Problem to work on. Nothing in the records may be changed; reproduce all of them.
___ Provided records ___
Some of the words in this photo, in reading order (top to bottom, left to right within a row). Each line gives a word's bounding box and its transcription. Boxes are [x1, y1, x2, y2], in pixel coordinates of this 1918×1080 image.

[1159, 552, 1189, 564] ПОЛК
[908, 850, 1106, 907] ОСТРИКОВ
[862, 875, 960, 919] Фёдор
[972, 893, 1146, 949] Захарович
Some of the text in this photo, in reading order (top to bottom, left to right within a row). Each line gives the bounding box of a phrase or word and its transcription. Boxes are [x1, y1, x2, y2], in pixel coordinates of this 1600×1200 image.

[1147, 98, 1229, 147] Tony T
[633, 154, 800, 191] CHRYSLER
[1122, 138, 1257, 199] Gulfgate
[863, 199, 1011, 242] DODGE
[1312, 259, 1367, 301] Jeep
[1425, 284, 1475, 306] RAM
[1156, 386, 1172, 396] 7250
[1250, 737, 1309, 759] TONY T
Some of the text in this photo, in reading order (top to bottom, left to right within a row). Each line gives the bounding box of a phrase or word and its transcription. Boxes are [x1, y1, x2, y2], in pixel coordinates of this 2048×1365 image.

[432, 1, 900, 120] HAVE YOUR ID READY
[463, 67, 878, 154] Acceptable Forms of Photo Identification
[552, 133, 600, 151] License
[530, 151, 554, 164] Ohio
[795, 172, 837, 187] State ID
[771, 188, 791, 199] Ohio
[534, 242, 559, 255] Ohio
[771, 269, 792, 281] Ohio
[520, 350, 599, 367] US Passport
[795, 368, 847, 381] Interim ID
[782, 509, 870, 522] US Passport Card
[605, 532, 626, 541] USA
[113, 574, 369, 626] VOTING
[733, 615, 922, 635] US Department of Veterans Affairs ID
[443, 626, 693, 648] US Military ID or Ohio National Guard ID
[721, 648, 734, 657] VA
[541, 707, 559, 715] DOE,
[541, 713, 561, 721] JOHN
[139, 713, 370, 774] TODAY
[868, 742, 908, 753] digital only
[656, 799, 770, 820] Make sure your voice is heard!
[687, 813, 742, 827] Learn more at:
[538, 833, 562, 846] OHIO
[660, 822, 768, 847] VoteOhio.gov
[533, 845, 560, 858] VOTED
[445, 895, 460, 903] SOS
___
Answer to this problem.
Some of the words in this photo, in reading order (top to bottom, left to right within a row). Each line gives a word's bounding box and its transcription. Boxes are [x1, y1, x2, y2], in pixel coordinates of this 1918×1080 image.

[1159, 552, 1189, 564] ПОЛК
[908, 850, 1106, 907] ОСТРИКОВ
[862, 875, 960, 919] Фёдор
[972, 893, 1146, 949] Захарович
Some of the text in this photo, in reading order (top to bottom, left to right within a row). Each line gives the bounding box of a phrase or word and its transcription. Boxes are [x1, y1, x2, y2], in pixel coordinates of this 1600×1200 image.

[1147, 98, 1229, 147] Tony T
[633, 154, 800, 191] CHRYSLER
[1122, 138, 1257, 199] Gulfgate
[863, 199, 1011, 242] DODGE
[1312, 259, 1367, 301] Jeep
[1425, 284, 1475, 306] RAM
[1156, 386, 1172, 396] 7250
[1250, 737, 1309, 759] TONY T
Some of the text in this photo, in reading order (top to bottom, left to right within a row). Each line gives the bounding box of a phrase or word and its transcription. Boxes are [x1, y1, x2, y2], in pixel coordinates of this 2048×1365 image.

[432, 1, 900, 120] HAVE YOUR ID READY
[463, 67, 878, 154] Acceptable Forms of Photo Identification
[552, 133, 600, 151] License
[530, 151, 554, 164] Ohio
[795, 172, 837, 187] State ID
[771, 188, 791, 199] Ohio
[534, 242, 559, 255] Ohio
[771, 269, 792, 281] Ohio
[520, 350, 599, 367] US Passport
[795, 368, 847, 381] Interim ID
[782, 509, 870, 522] US Passport Card
[605, 532, 626, 541] USA
[113, 574, 369, 626] VOTING
[733, 615, 922, 635] US Department of Veterans Affairs ID
[443, 626, 693, 648] US Military ID or Ohio National Guard ID
[721, 648, 734, 657] VA
[541, 707, 559, 715] DOE,
[541, 713, 561, 721] JOHN
[139, 713, 370, 774] TODAY
[868, 742, 908, 753] digital only
[656, 799, 770, 820] Make sure your voice is heard!
[687, 813, 742, 827] Learn more at:
[538, 833, 562, 846] OHIO
[660, 822, 768, 847] VoteOhio.gov
[533, 845, 560, 858] VOTED
[445, 895, 460, 903] SOS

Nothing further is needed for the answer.